Side one of the album opens with an updated Latin-flavored arrangement of Hi Fly.
Candido, inspired by the essence of the tune. offers some spontaneous rap In Cuban-Spanish which translates:

"...We're gonna fly high.
It's a pretty flight, and away we go.
Only up, up and higher -
watch and listen.
Randy Weston, he's going high and his is right there, baby"

Up there is right where Jon Faddis, a brilliant 19-year old trumpet virtuoso, takes the tune with his soaring solo.

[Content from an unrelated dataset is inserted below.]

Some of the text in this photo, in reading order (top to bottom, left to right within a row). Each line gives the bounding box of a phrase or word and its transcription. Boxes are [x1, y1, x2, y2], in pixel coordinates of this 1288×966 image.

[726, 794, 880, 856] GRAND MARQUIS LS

In Memory Of was inspired by the ritual of the African funeral procession, which is very sad on the way to the burial grounds, but afterward, on the way back, the band starts swinging. This version of the march has a heavy African rock blues beat, with Ron Carter laying down a steady drone bass line that creates the spirit of the event. Both Ray Copeland and Al Grey offer fine solos using the growl technique, a sound seldom heard today but commonly used by oldtime brass players.

Sweet Meat personifies what Randy describes as a saucy, spicy, African chick with a very hip, unbelievably swinging walk. Sometimes she's sophisticated, sometimes she's funny. She could be found in ihe Congo, Harlem, or Mississippi. Melba Liston's flowing arrangement provides an elegant tilting cushion for the reeds out front. The mood of the tune conjures up shades of Basie and dancing cheek to cheek.

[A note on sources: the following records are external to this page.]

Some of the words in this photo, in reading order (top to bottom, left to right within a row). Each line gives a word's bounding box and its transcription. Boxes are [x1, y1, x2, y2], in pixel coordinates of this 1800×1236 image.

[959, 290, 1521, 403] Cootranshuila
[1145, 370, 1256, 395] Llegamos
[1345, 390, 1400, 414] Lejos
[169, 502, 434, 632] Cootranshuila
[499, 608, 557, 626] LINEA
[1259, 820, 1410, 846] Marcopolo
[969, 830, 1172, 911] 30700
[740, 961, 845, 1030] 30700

Jamaica East is the musical story of a beautiful five-day journey by Randy and his family to Jamaica. He was immediately inspired by the lush beauty of the island, the warmth and hospitality of the people, and their rich cultural heritage. Profoundly inspiring was his acquaintance with relatives who are natives of Kingston, and the discovery of family in Stokes Hall, St. Thomas. Randy's melody captures the rhythms that are Jamaica, and Miss Liston's exciting arrangement captures the spirit of carnival, dance, and song.

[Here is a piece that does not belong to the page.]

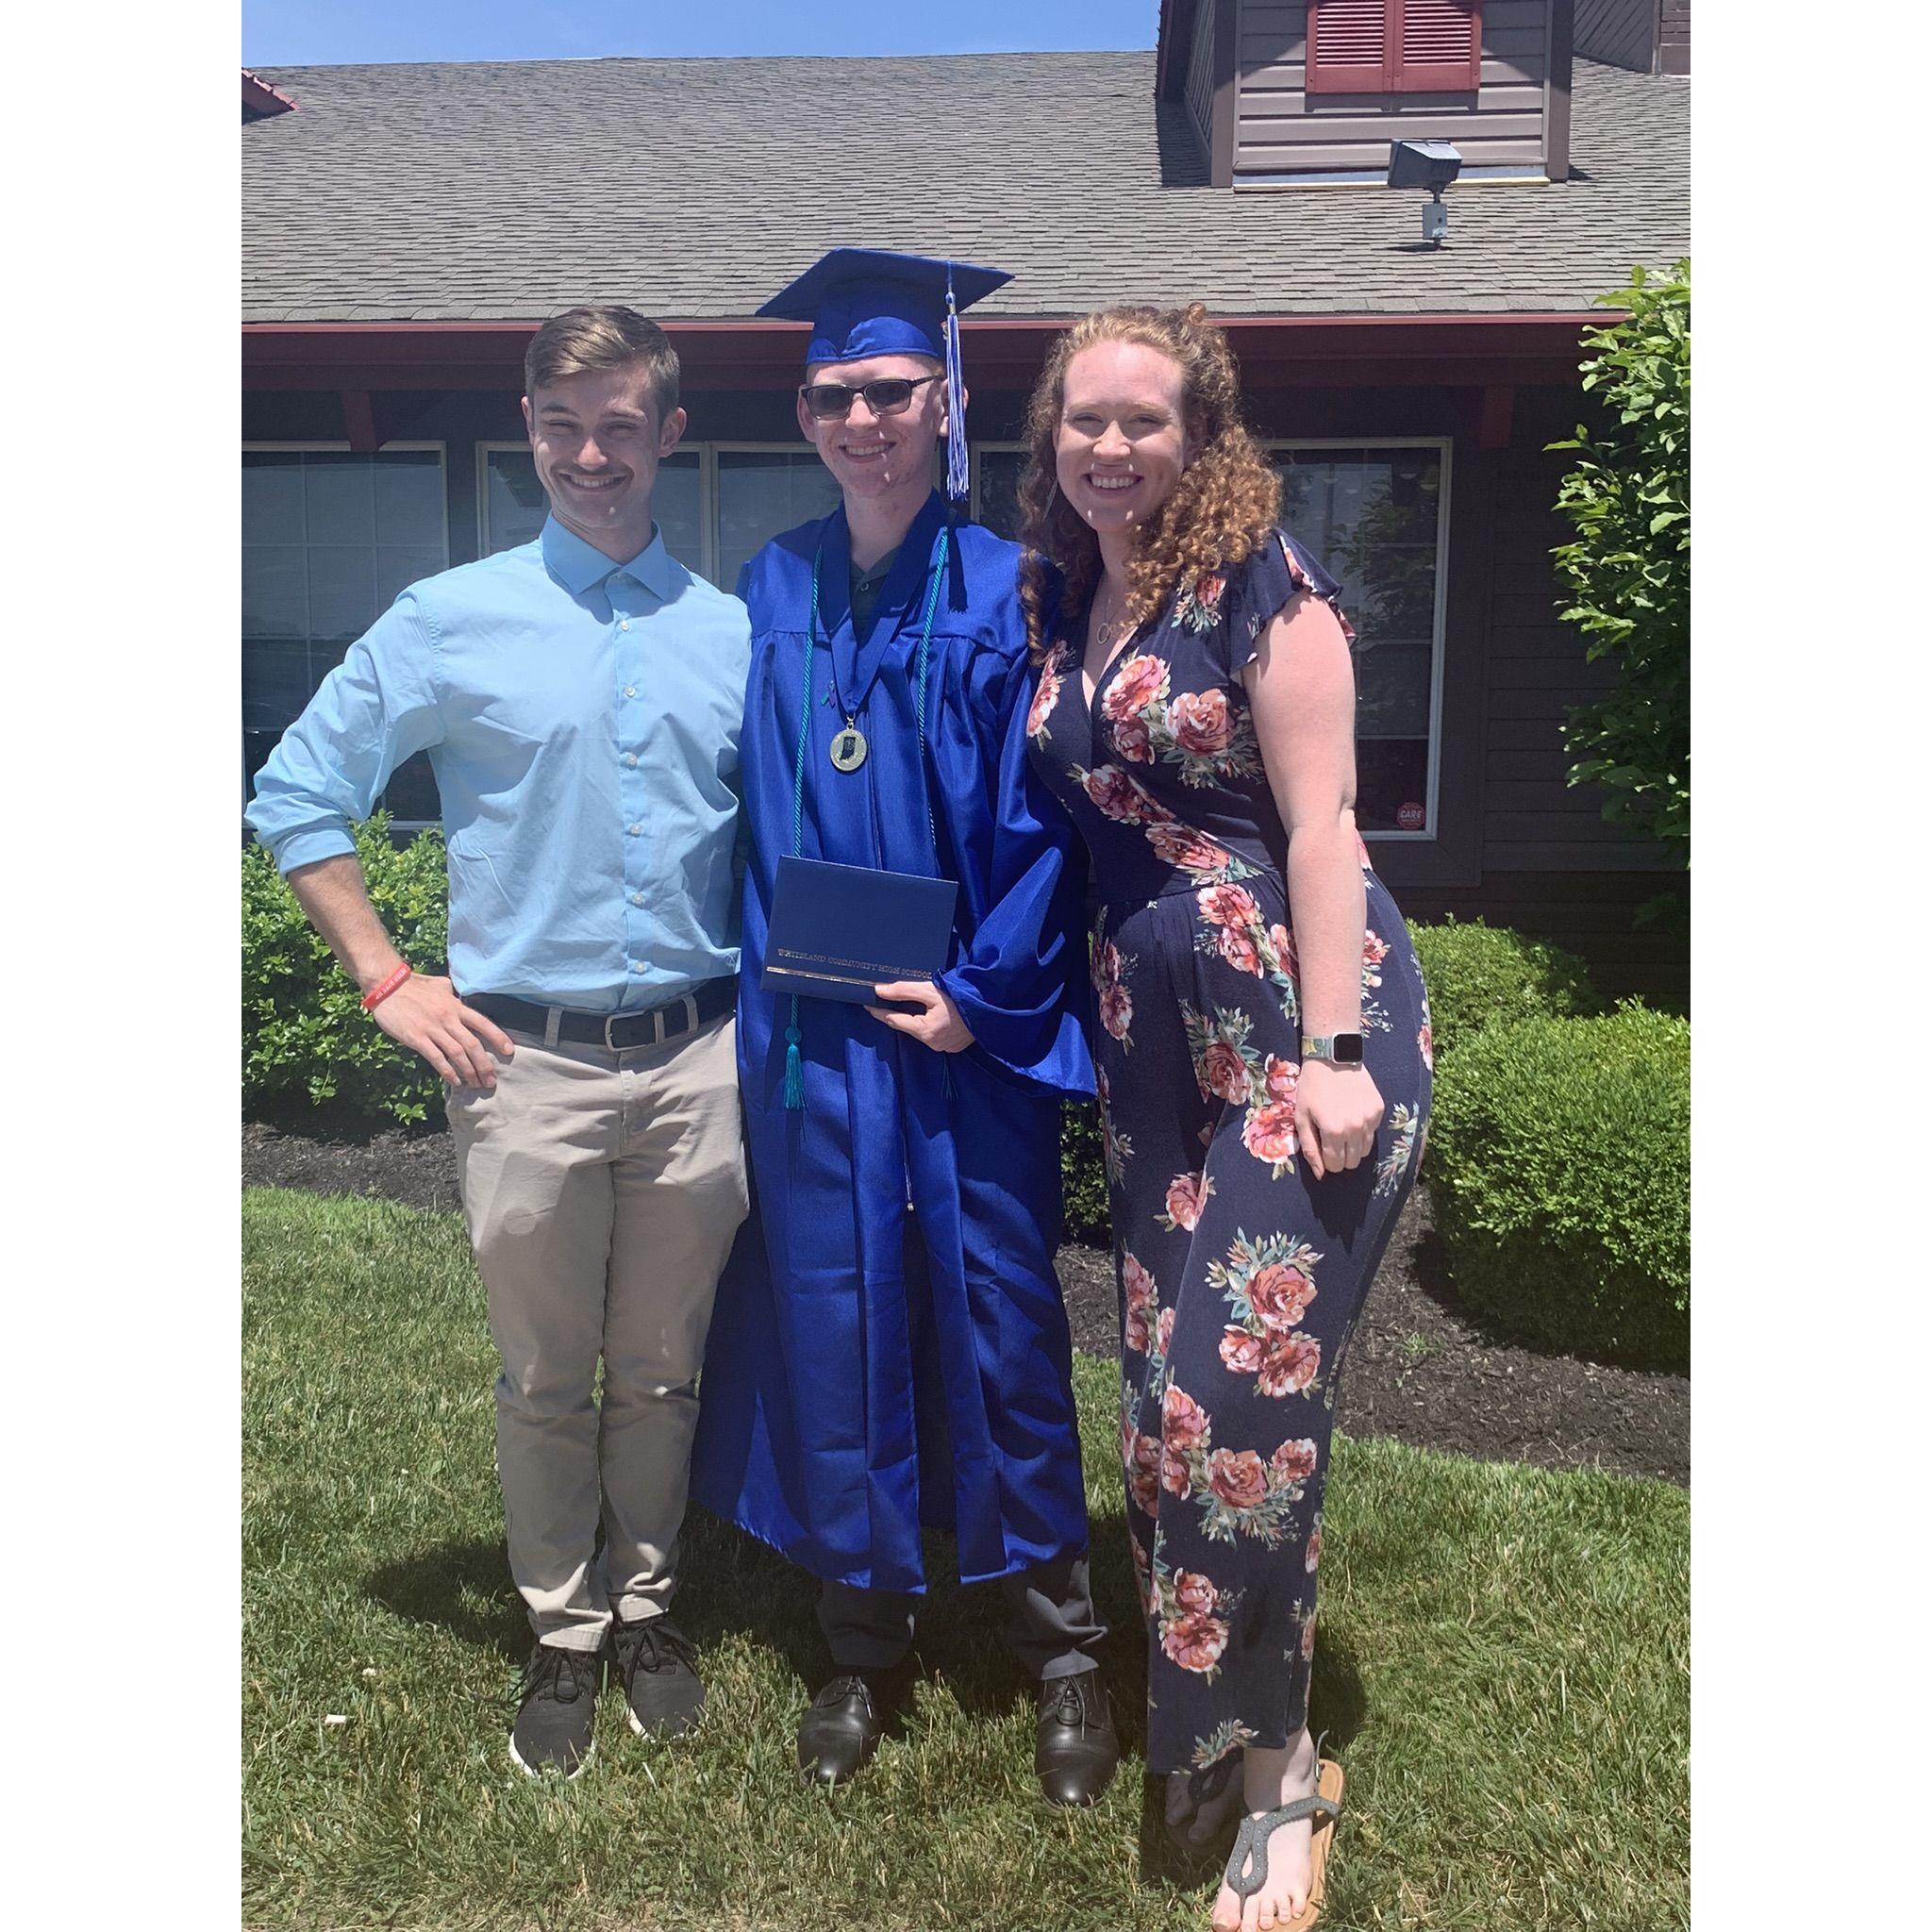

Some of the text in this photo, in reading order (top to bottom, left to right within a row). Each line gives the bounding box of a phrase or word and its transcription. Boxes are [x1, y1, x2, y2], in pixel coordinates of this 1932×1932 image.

[1400, 809, 1423, 819] CARE
[877, 964, 901, 974] HIGH
[900, 968, 933, 980] SCHOOL

Side two opens with the title tune Tanjah, which is Arabic for Tangier, where Randy makes his home. The rhythm la based on the music of the peoples of North Africa, specifically Morocco. Tanjah was inspired by the festival held in Tangier in 1972, which represented a very significant step in bringing about communication through music between artists of different countries, albeit of the same African heritage. Moreover, the festival was the realization of a dream for Randy - the product of months of hard work and energy expended by many people both in Tangier and New York. Three stars of that festival are featured on this tune. Billy Harper, Azzedin, and Ahmed Abdul-Malik. Malik sets the mood as he relates in Arabic the feeling of brotherhood experienced by the artists - Moroccan and American - who appeared In the festival:

". . . Peace be upon you, brothers. Welcome my brothers. Greetings. All praises due to God for everything around us."

The Last Day is a beautiful, moving ballad which expresses Randy's musical impression of the last day on earth - when the heavens open, the power of the Creator appears, and the world gets down on its knees and prays. The warm, magnificently flawless voice of Delores Davis is heard here on record for the first time; Ernie Royal takes the lead with a standout solo.

Little Niles was written twenty years ago by Randy for his son, and stands out as the most famous of his jazz waltzes- It was then, and still is, dedicated to children everywhere.

Although many different rhythms and beats are displayed throughout this album,
the essence for Randy all stems from Africa.

This is why he calls his music "African rhythms".